(Task inputs Opens)

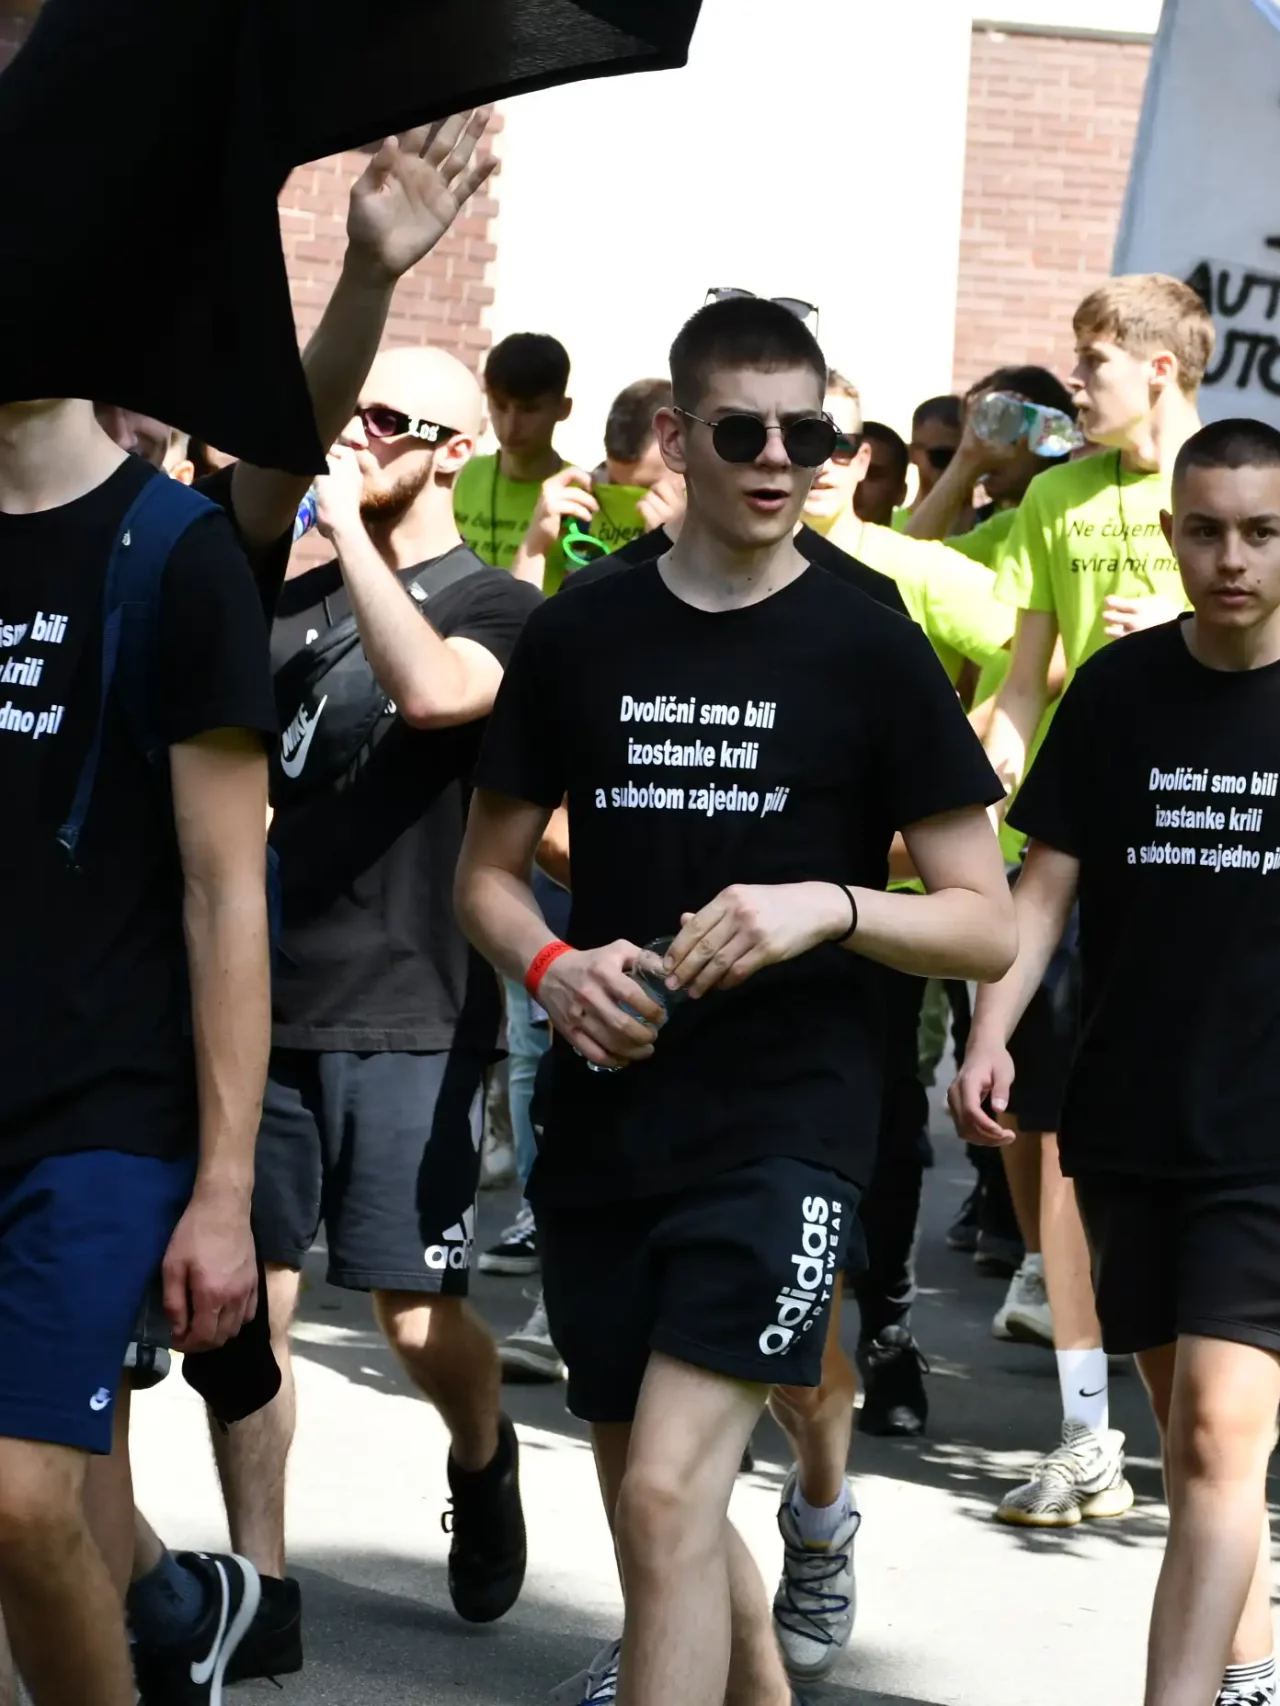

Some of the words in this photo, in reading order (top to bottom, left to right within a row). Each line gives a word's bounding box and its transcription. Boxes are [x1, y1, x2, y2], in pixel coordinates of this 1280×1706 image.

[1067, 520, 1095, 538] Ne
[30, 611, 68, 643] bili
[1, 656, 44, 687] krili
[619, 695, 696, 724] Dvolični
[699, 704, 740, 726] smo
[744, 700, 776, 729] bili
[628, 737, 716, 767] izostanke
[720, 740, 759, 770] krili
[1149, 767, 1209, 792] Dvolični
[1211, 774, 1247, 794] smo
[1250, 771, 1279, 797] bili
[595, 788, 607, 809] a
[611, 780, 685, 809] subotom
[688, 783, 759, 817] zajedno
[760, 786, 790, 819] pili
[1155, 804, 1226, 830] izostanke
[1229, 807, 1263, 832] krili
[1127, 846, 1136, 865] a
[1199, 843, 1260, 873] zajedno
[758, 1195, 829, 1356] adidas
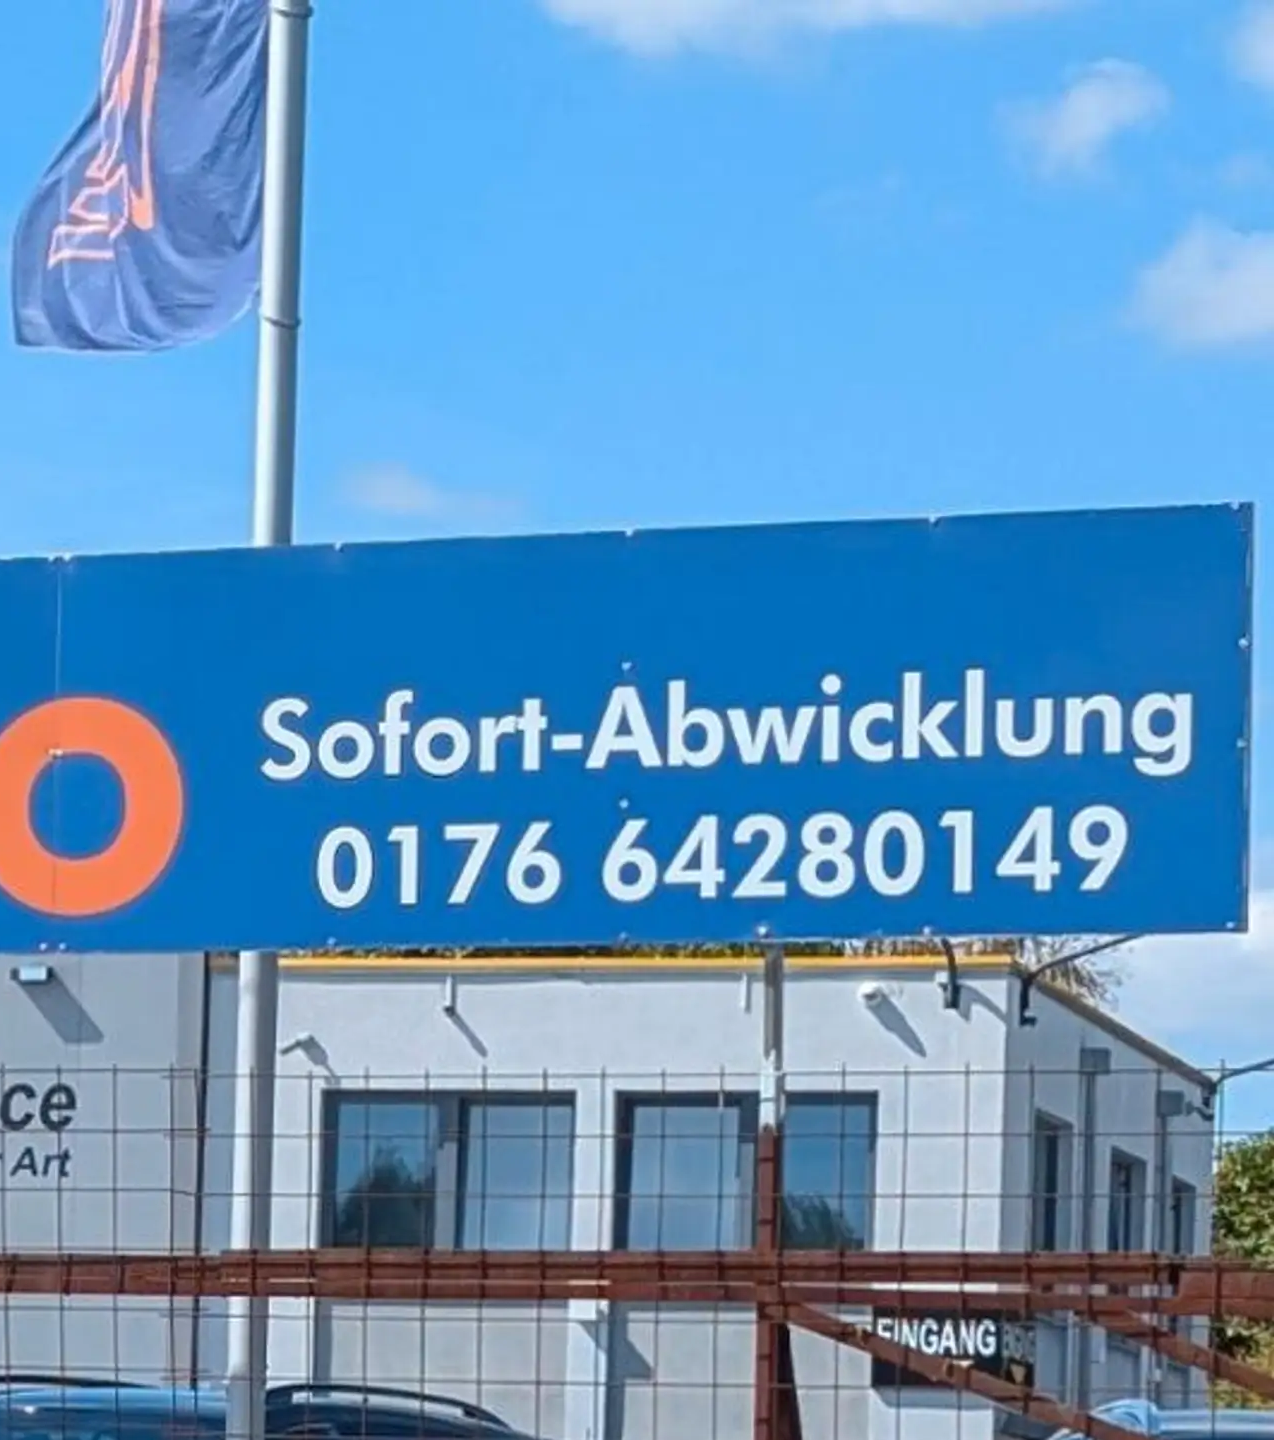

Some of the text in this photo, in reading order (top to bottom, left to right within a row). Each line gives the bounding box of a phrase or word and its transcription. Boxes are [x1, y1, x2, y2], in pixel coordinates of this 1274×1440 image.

(Task inputs Closes)

Task:
All of the data above should be transcribed verbatim, with pictures omitted.

Expected output:
Some of the words in this photo, in reading order (top to bottom, left to right within a row). Each line gives a word's bounding box and its transcription. Boxes are [x1, y1, x2, y2], in pixel coordinates of this 1280×1706 image.

[1067, 520, 1095, 538] Ne
[30, 611, 68, 643] bili
[1, 656, 44, 687] krili
[619, 695, 696, 724] Dvolični
[699, 704, 740, 726] smo
[744, 700, 776, 729] bili
[628, 737, 716, 767] izostanke
[720, 740, 759, 770] krili
[1149, 767, 1209, 792] Dvolični
[1211, 774, 1247, 794] smo
[1250, 771, 1279, 797] bili
[595, 788, 607, 809] a
[611, 780, 685, 809] subotom
[688, 783, 759, 817] zajedno
[760, 786, 790, 819] pili
[1155, 804, 1226, 830] izostanke
[1229, 807, 1263, 832] krili
[1127, 846, 1136, 865] a
[1199, 843, 1260, 873] zajedno
[758, 1195, 829, 1356] adidas

Some of the text in this photo, in reading order (top to bottom, left to right within a row). Each line gives the bounding box of a phrase or word and its transcription. Boxes are [x1, y1, x2, y2], in pixel coordinates of this 1274×1440 image.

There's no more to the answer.